Dividida en episodios como una serie (preparativos, despegue, viaje, aterrizaje, regreso), la misión lunar en 1969 movilizó durante ocho días a las televisiones del mundo entero, con 3.500 periodistas acreditados y 36 cadenas presentes en Houston (Texas). Ese día, más de 500 millones de personas siguieron hace 50 años por televisión los primeros pasos del hombre en la Luna, batiendo un récord mundial de audiencia. Todo gracias al dispositivo excepcional desplegado por la NASA y los medios. Para el momento culminante, el directo duró 31 horas en la televisión estadounidense. Los primeros pasos de Neil Armstrong fueron retransmitidos en el mundo entero, salvo en China y en el bloque soviético. Aunque el primer evento televisado en directo en varios países se había producido con la coronación de la reina Isabel II en 1953, este momento único en la historia de la humanidad registró una audiencia mundial récord de 500 millones de telespectadores, según estimaciones de la American Broadcasting Company.

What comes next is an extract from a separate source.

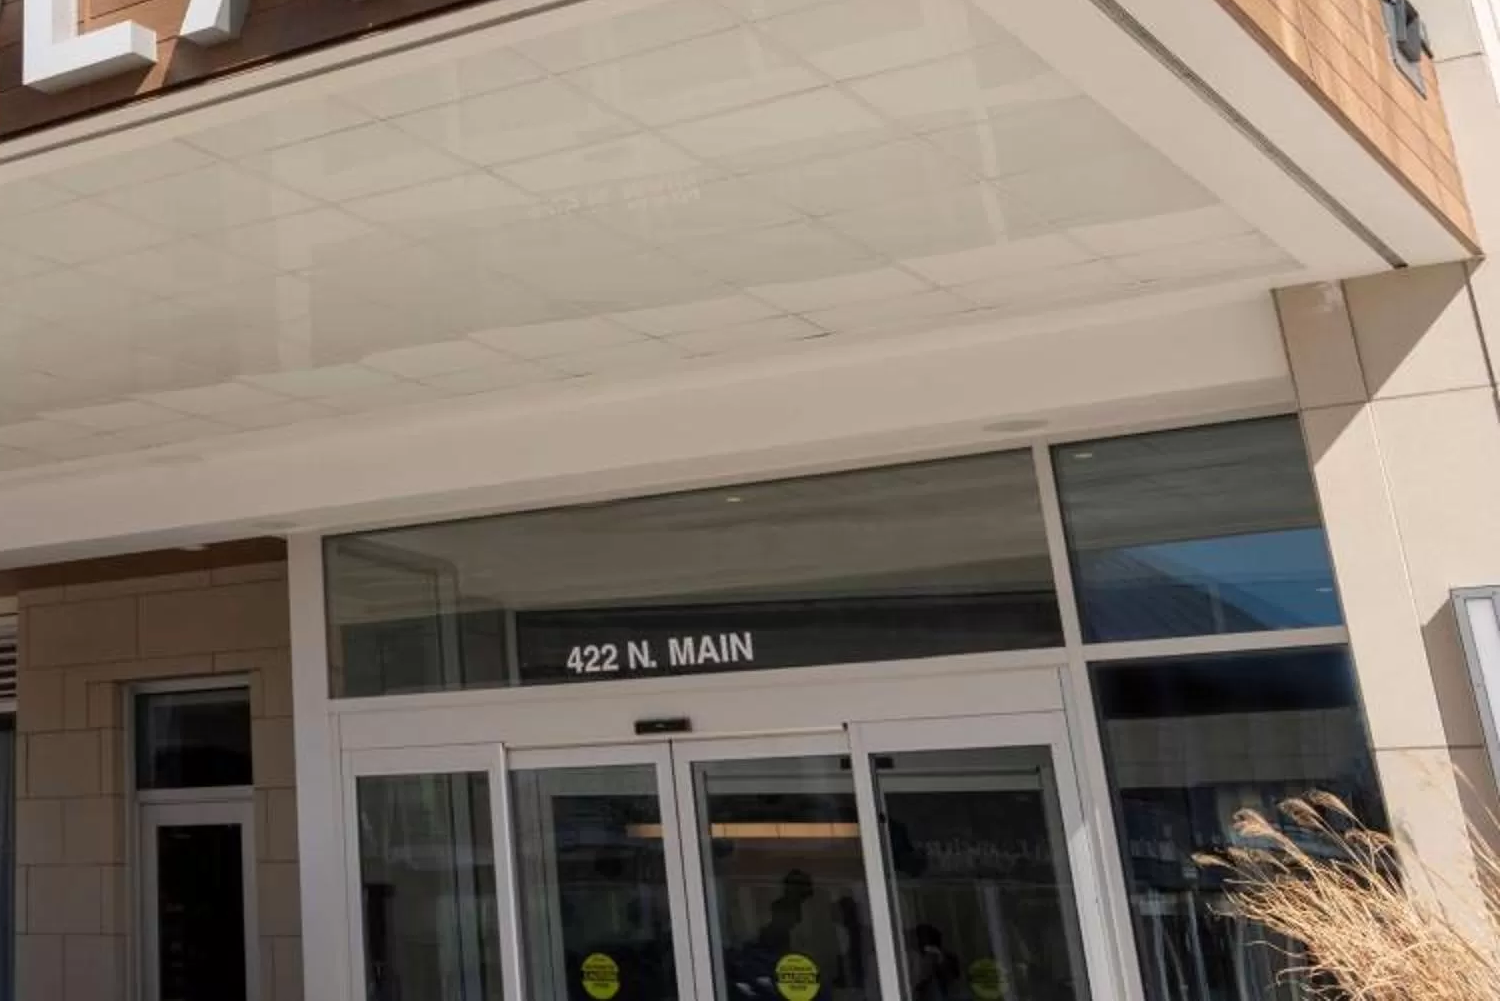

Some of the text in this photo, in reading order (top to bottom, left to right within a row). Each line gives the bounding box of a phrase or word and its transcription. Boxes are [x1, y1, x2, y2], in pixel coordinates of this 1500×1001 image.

[567, 631, 754, 674] 422 N. MAIN

 “Esta cifra parece por debajo de la realidad si tenemos en cuenta los innumerables hechos que nos llegan del mundo entero”, escribió en un despacho la AFP el 21 de julio de 1969, informando sobre “las noches en blanco” en Suiza, los picos de consumo eléctrico en La Haya, la “excelente” retransmisión en Polonia y la interrupción del paseo tradicional del emperador Hirohito y su esposa para la ocasión. 13 MILLONES DE DÓLARES Algunas estimaciones apuntan a una audiencia de 700 millones de espectadores, es decir, 20% de la población mundial de la época. Los montos invertidos por las TV y radios estadounidenses rozaron los 13 millones de dólares, equivalentes a lo que costó la noche electoral en 1968, según la revista Variety. “Como director, debía hacer un programa apasionante, que pareciera una película. Invertimos más de un millón de dólares en la producción, ¡una cifra astronómica para una emisión de actualidad en el 69!”, subraya Joel Banow, director de CBS News, en la serie documental de Robert Stone “La conquista de la Luna: la historia completa”. “Me acordé de las películas de ciencia ficción de mi infancia, eso me dio algunas ideas”, confía.

Para animar las 31 horas en directo, los platós rivalizaron en imaginación: uso de maquetas, intervenciones de autores de ciencia ficción como Isaac Asimov (“Yo, robot”) y Arthur C. Clarke (“2001: Odisea en el espacio”) y cineastas como Orson Welles. El despegue fue cubierto desde la Tierra por al menos 340 cámaras mientras que a bordo se grababa cada segundo de la misión gracias a una cámara capaz de emitir en directo y en color, cámaras fotográficas y una grabadora. “FANTASMAGÓRICO” El módulo lunar estaba equipado de una cámara en blanco y negro, fijada en una trampilla accesible desde el exterior y encendida por Armstrong durante su descenso a la Luna, así como una cámara analógica de 16 mm, cuyas imágenes fueron publicadas en diferido. Estas imágenes de calidad mediocre cautivaron al mundo. “Había un lado fantasmagórico”, describe el director Theo Kamecke, en el mismo documental. La calidad era baja porque para difundir había que “reducir la señal de difusión”.